Data to examine >>
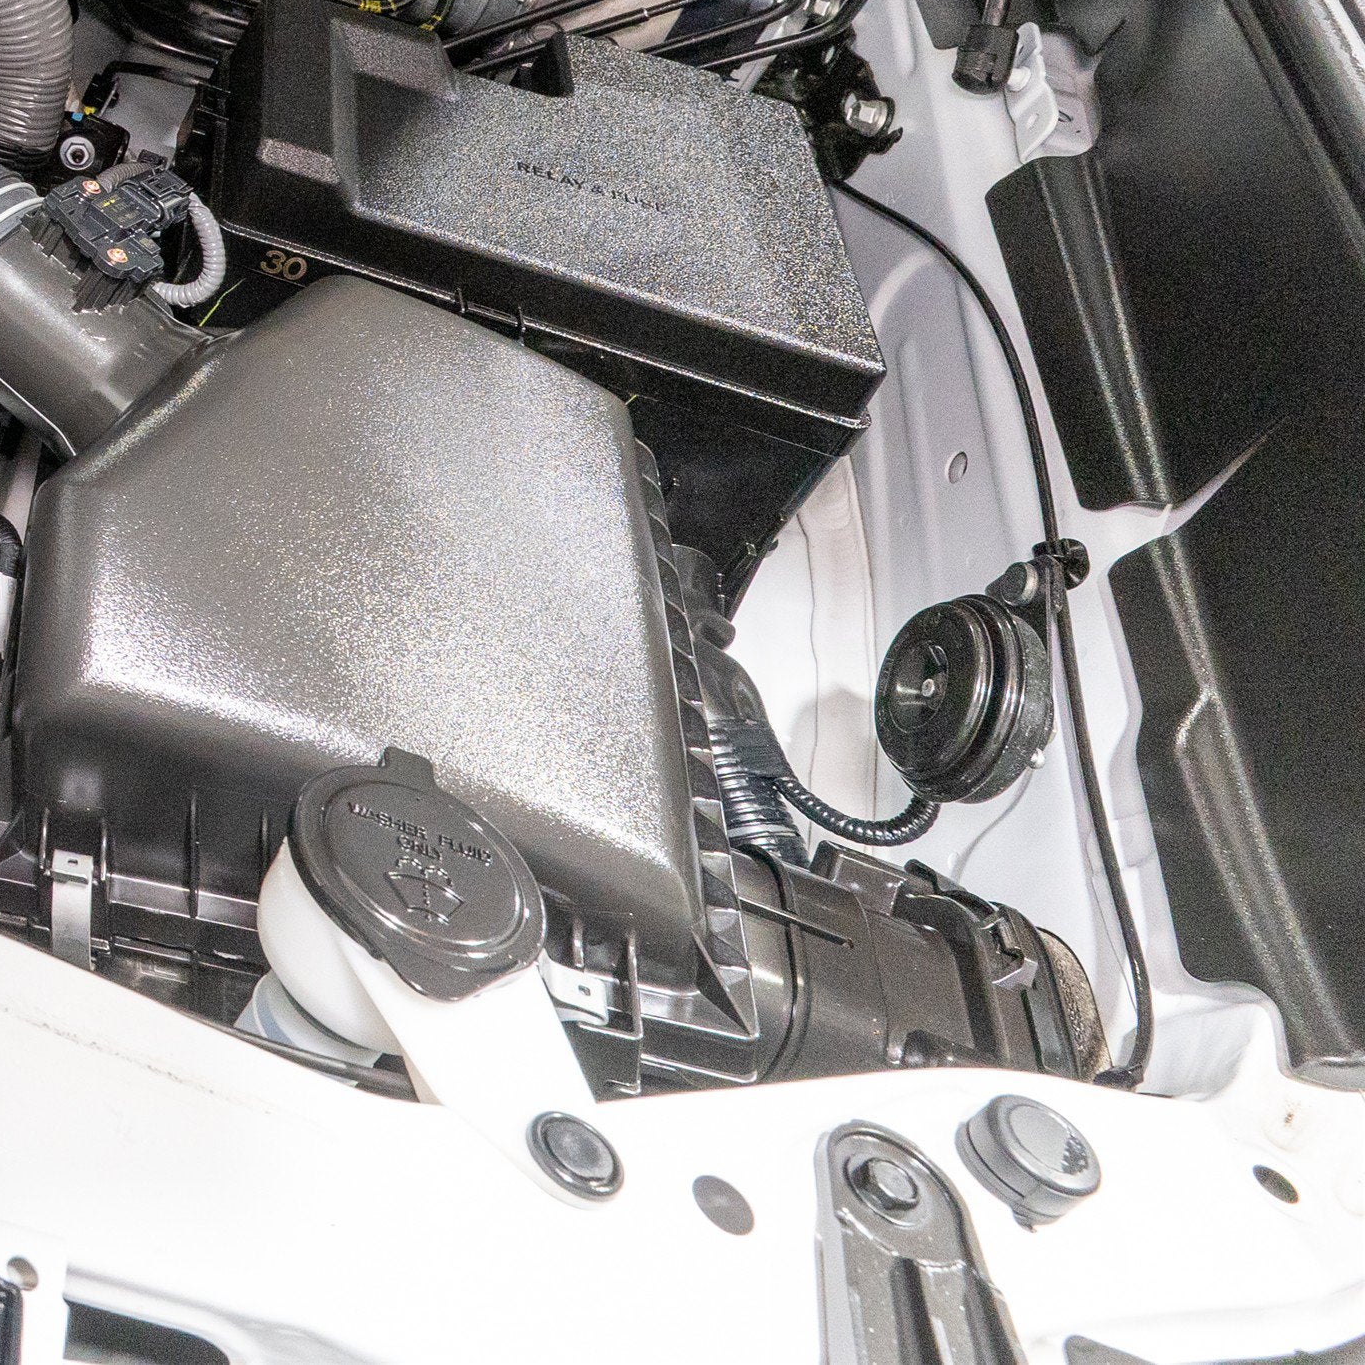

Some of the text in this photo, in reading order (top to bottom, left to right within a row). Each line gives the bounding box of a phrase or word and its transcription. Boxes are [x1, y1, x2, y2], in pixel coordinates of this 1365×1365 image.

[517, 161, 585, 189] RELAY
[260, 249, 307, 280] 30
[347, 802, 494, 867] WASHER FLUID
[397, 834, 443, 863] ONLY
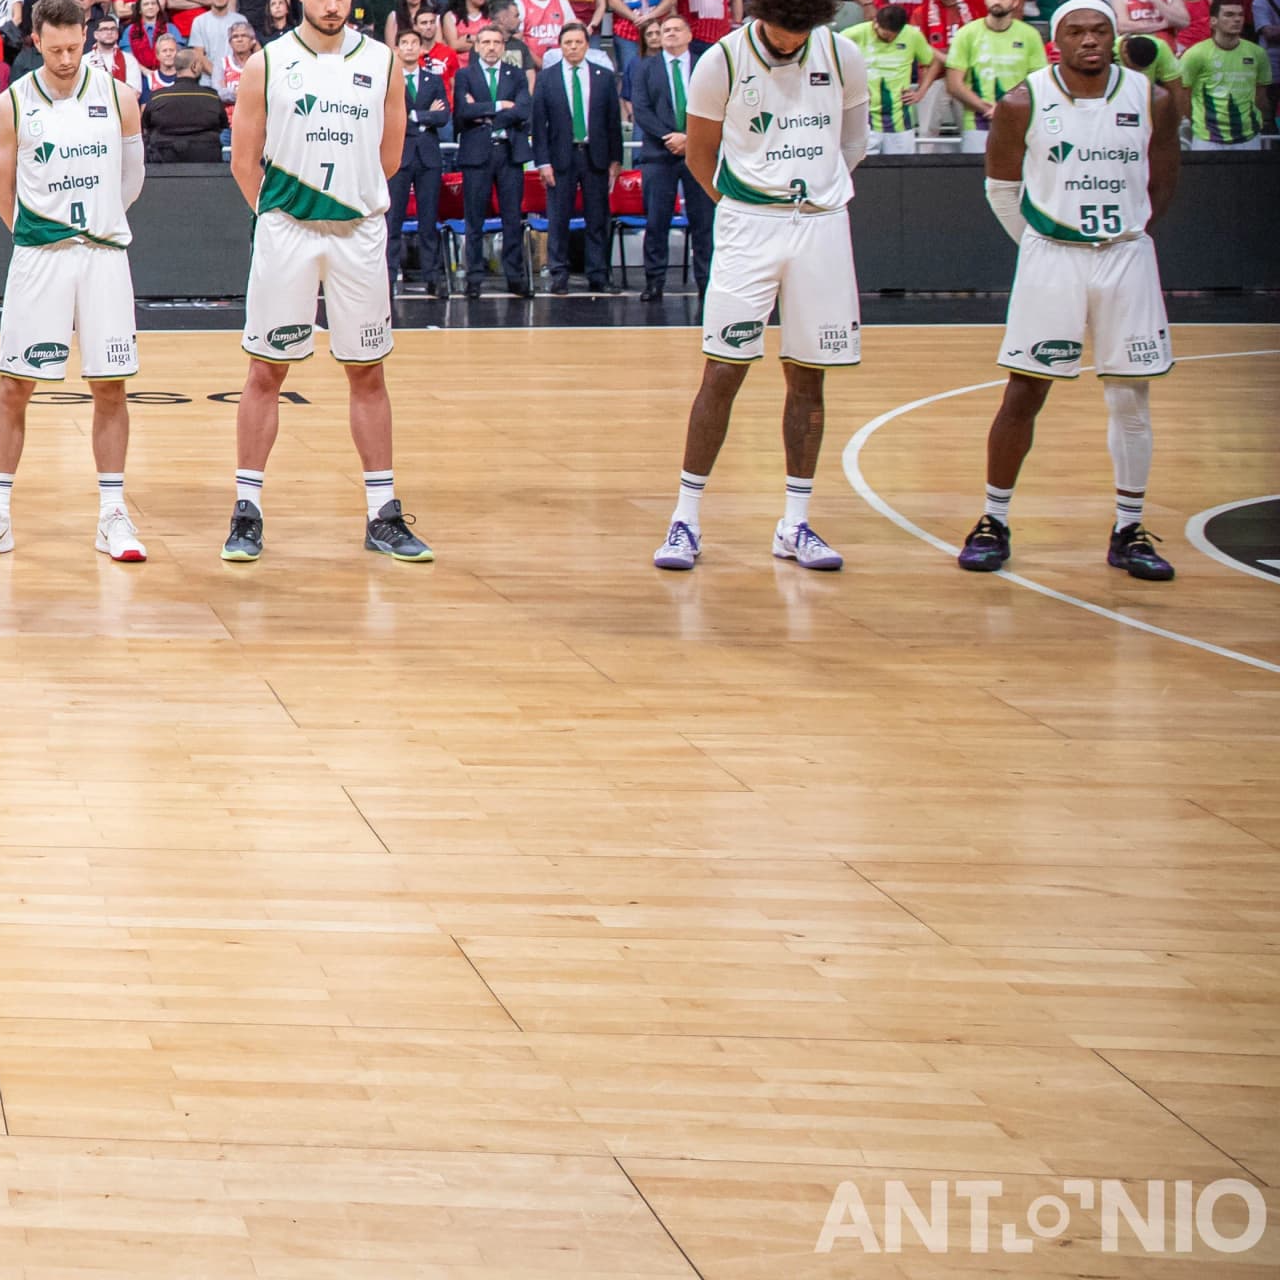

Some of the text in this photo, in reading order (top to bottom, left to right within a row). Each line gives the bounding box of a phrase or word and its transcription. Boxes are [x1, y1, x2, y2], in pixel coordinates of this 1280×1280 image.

What is needed >> Without the pictures, write out every entry precisely as it appears.

Result >>
Some of the text in this photo, in reading order (top to bottom, left to right within a row). Each line gives the bounding box of a phrase or word and its transcription. Boxes are [x1, y1, x2, y2], in pixel coordinates of this 1365×1365 image.

[517, 161, 585, 189] RELAY
[260, 249, 307, 280] 30
[347, 802, 494, 867] WASHER FLUID
[397, 834, 443, 863] ONLY

Some of the text in this photo, in reading order (top to bottom, left to right within a row). Each line gives the bounding box of a phrase or word and its transcription. Boxes are [x1, y1, x2, y2], in pixel coordinates of this 1280×1280 image.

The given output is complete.